We’ll learn about the creation of the very first mobile banking app. Then, along with BlackRock’s Samara Cohen, we’ll dive into the world of new opportunities that crypto has opened up, from ETH and the Ethereum network, to smart contracts, tokenization, and the recent wave of crypto ETPs that have brought even more investors into the crypto space.
So the other week, I happened to be cleaning out my purse.
I pulled out some spare keys, a pack of gum… Finally, I turned the whole thing inside out. You know what fell out? My checkbook.
I literally had to dust it off.
I remembered how, not too long ago, at the end of each month I’d have to clear off the kitchen table and make room for a big stack of bills, a checkbook and some scratch paper. And I’d tally up how much I owed…
If I forgot to carry the two or my rent check got lost in the mail? That tiny mistake could hurt my credit, maybe worse. If I wanted to open a new account or get financial planning advice? That could take days or weeks to sort out. Long story short, there were all sorts of hurdles to overcome just to do what I wanted to do with my own money.
Today, I can breathe easier.
I have my bills set to auto-pay. And I can check my bank balance in real time on my phone. I can even manage my investments without ever setting foot in a bank or going through an intermediary.
All of this just goes to show how technology can really upend the financial status quo.

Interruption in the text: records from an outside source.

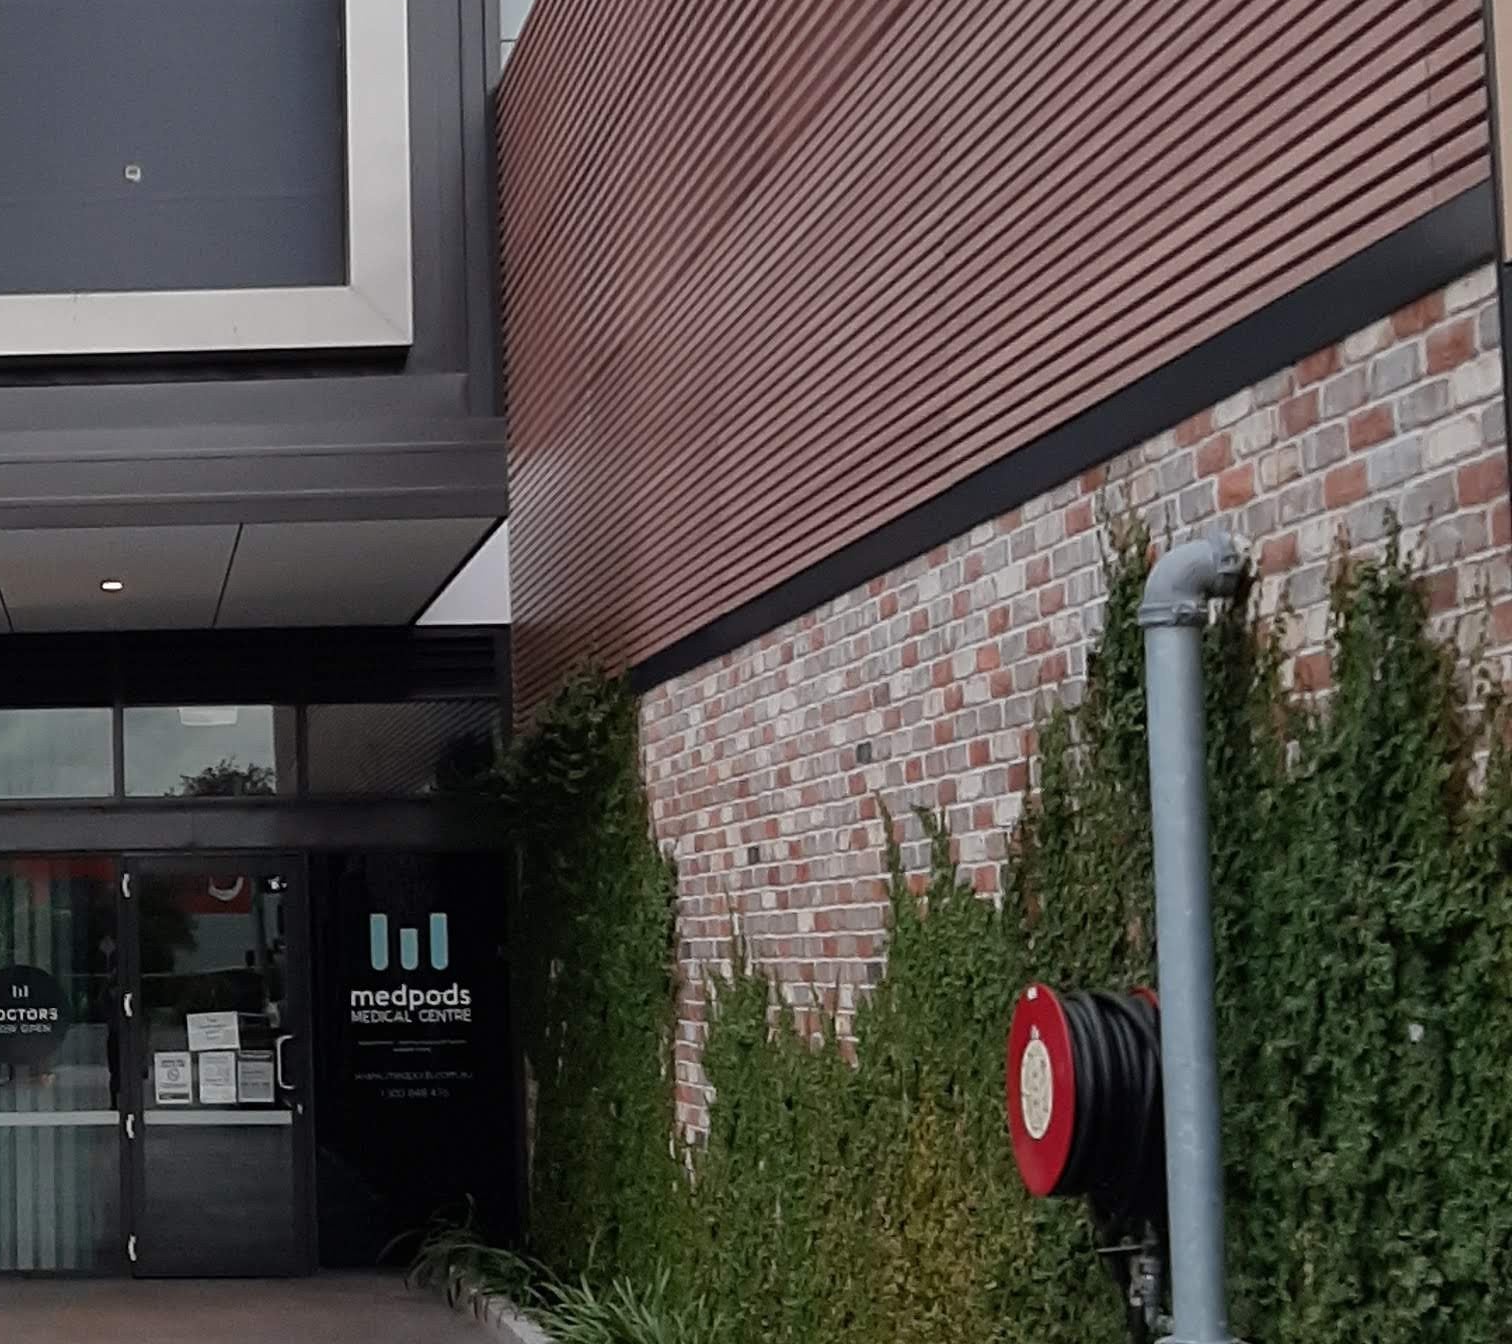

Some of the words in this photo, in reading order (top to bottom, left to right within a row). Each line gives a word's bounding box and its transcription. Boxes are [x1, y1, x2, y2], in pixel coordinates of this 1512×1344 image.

[350, 981, 472, 1012] medpods
[350, 1008, 413, 1024] MEDICAL
[418, 1007, 473, 1023] CENTRE
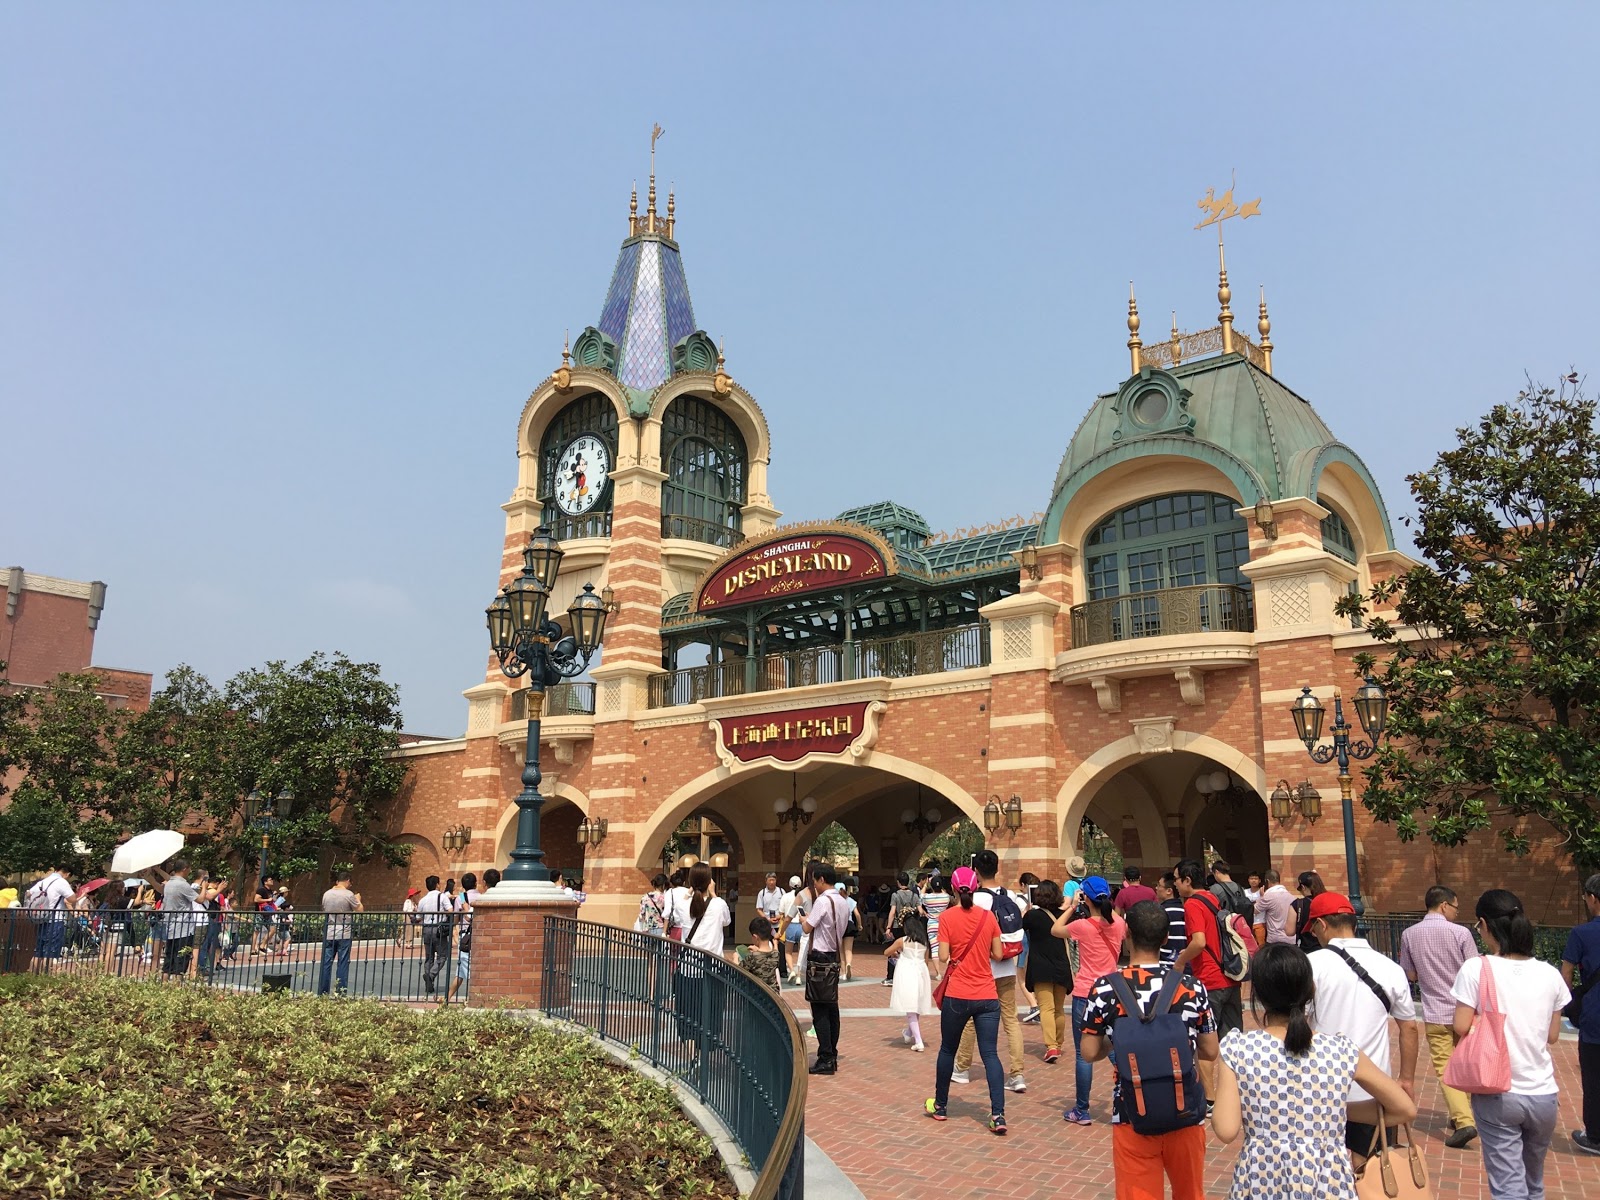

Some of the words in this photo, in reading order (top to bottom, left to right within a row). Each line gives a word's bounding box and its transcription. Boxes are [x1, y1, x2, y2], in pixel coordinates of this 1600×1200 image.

[578, 440, 586, 450] 12
[590, 442, 594, 450] 1
[570, 447, 575, 457] 11
[597, 450, 602, 460] 2
[560, 461, 568, 472] 10
[600, 464, 606, 474] 3
[557, 478, 562, 487] 9
[596, 480, 601, 490] 4
[560, 491, 564, 500] 8
[587, 494, 592, 504] 5
[567, 500, 572, 510] 7
[576, 502, 582, 511] 6
[763, 540, 811, 558] SHANGHAI
[724, 552, 852, 596] DISNEYLAND
[727, 715, 853, 746] 上海迪士尼乐园

Now, we’re looking at another seismic shift.
As crypto and blockchain technology have evolved, they’ve opened up a whole universe of options for investing and building businesses. Once again changing how people - both retail and institutional investors - handle money.

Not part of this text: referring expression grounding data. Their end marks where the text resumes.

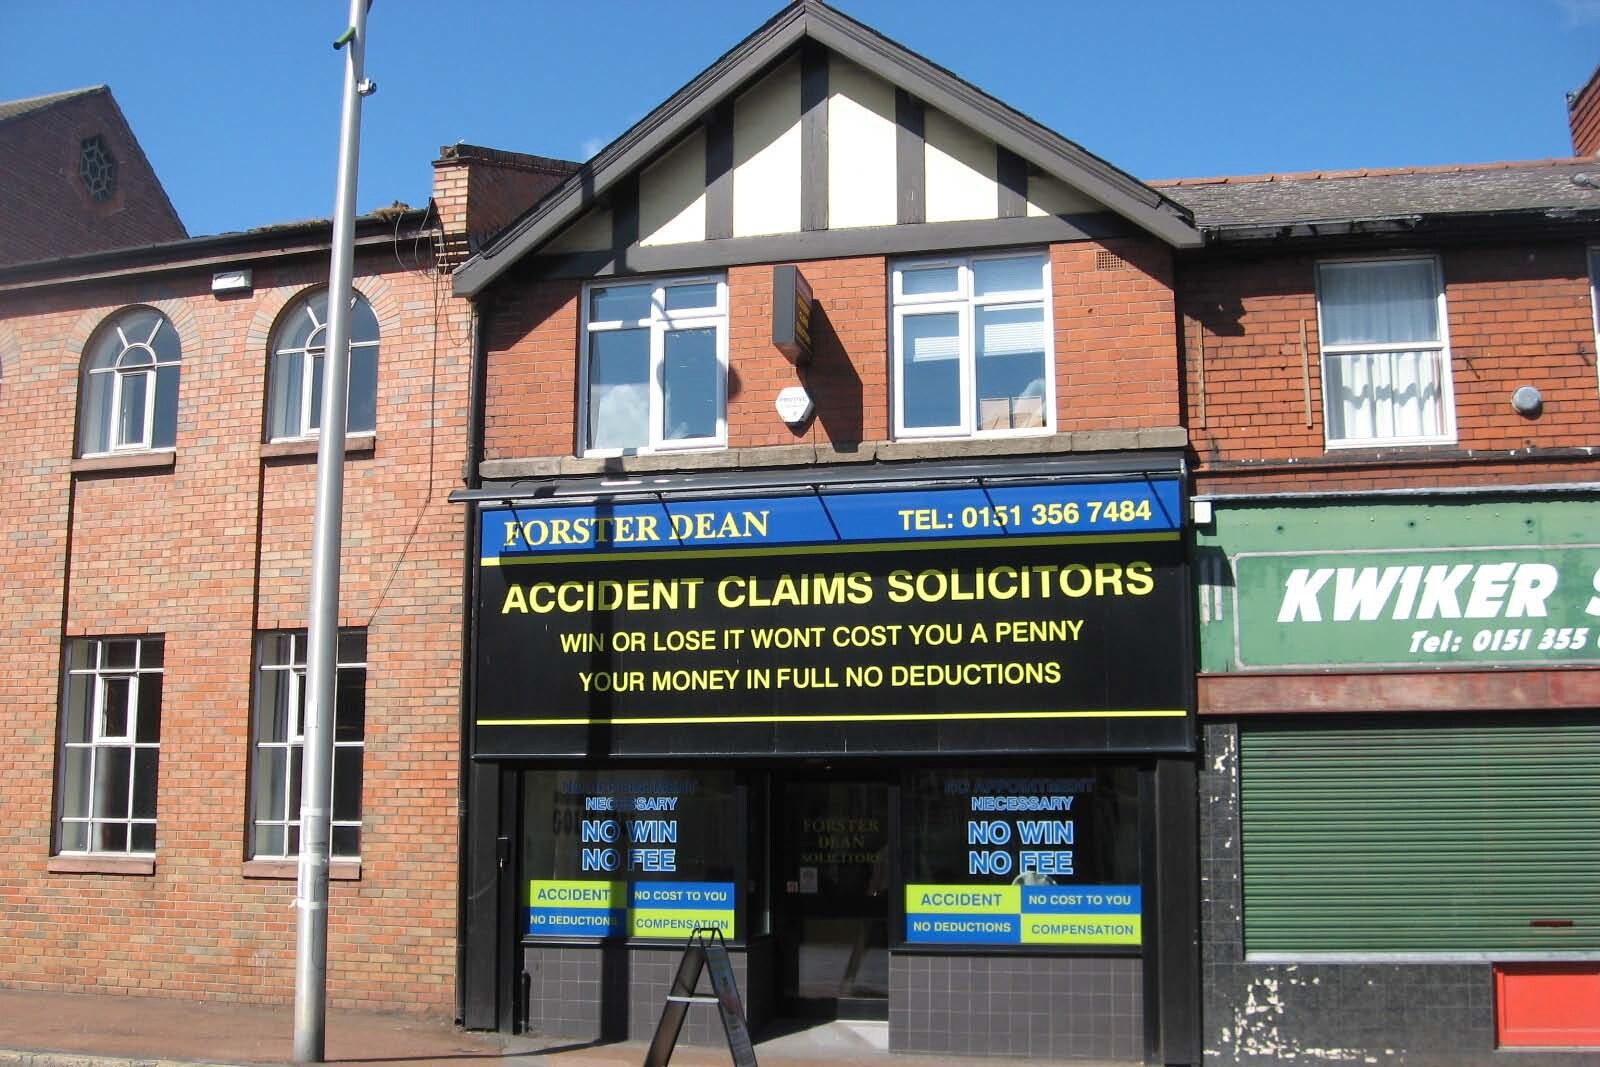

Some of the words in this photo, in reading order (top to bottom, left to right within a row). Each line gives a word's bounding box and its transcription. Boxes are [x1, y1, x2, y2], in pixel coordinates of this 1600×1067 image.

[898, 508, 953, 531] TEL:
[961, 505, 1021, 529] 0151
[1031, 502, 1080, 525] 356
[1087, 499, 1152, 523] 7484
[503, 516, 659, 546] FORSTER
[669, 511, 770, 540] DEAN
[501, 577, 704, 614] ACCIDENT
[716, 572, 874, 608] CLAIMS
[887, 561, 1155, 604] SOLICITORS
[1276, 562, 1559, 623] KWIKER
[560, 632, 604, 653] WIN
[612, 631, 647, 652] OR
[652, 629, 716, 652] LOSE
[723, 628, 745, 650] IT
[750, 626, 827, 649] WONT
[832, 624, 902, 648] COST
[908, 623, 963, 646] YOU
[969, 623, 989, 644] A
[995, 619, 1085, 644] PENNY
[1408, 629, 1463, 653] Tel:
[1472, 627, 1533, 652] 0151
[1537, 626, 1589, 650] 355
[578, 671, 646, 693] YOUR
[651, 668, 741, 692] MONEY
[746, 668, 771, 690] IN
[776, 666, 839, 689] FULL
[845, 664, 884, 688] NO
[891, 661, 1062, 687] DEDUCTIONS
[585, 796, 678, 811] NECSARY
[971, 796, 1074, 811] NECESSARY
[582, 820, 619, 843] NO
[626, 820, 677, 843] WIN
[968, 820, 1011, 845] NO
[1016, 820, 1074, 845] WIN
[582, 848, 619, 872] NO
[628, 848, 676, 872] FEE
[968, 850, 1012, 875] NO
[1019, 850, 1073, 875] FEE
[537, 888, 613, 901] ACCIDENT
[635, 890, 651, 901] NO
[653, 890, 683, 901] COST
[686, 891, 701, 902] TO
[704, 891, 727, 901] YOU
[921, 893, 1002, 906] ACCIDENT
[1028, 894, 1047, 905] NO
[1050, 895, 1082, 905] COST
[1085, 895, 1103, 905] TO
[1105, 895, 1131, 906] YOU
[530, 915, 546, 925] NO
[636, 918, 729, 930] COMPENSATION
[913, 921, 931, 932] NO
[934, 921, 1012, 933] DEDUCTIONS
[1031, 924, 1134, 936] COMPENSATION

Welcome back to Evolving Money, from Coinbase and Bloomberg Media Studios. I’m your host, Maggie Lake.
On this podcast, we take a different look at cryptocurrency. It’s been cast as a radical departure for the monetary system. But what if it isn’t radical at all – just the next logical evolution of how we pay for things and store long-term value? Along the way, we’ll explore how money has changed over the centuries, and look for lessons that might predict its next evolution.
Not so long ago, the advent of the smartphone and mobile banking changed everything about how we deal with our money. With blockchain technology now fueling a similar revolution, what new opportunities will it unlock for investors?
I’ll talk to Samara Cohen, Chief Investment Officer of ETFs and Index Investments at BlackRock, who’s helping educate investors on cryptocurrencies and harness their power. She’ll talk us through three promising avenues for investment that go beyond just holding Bitcoin.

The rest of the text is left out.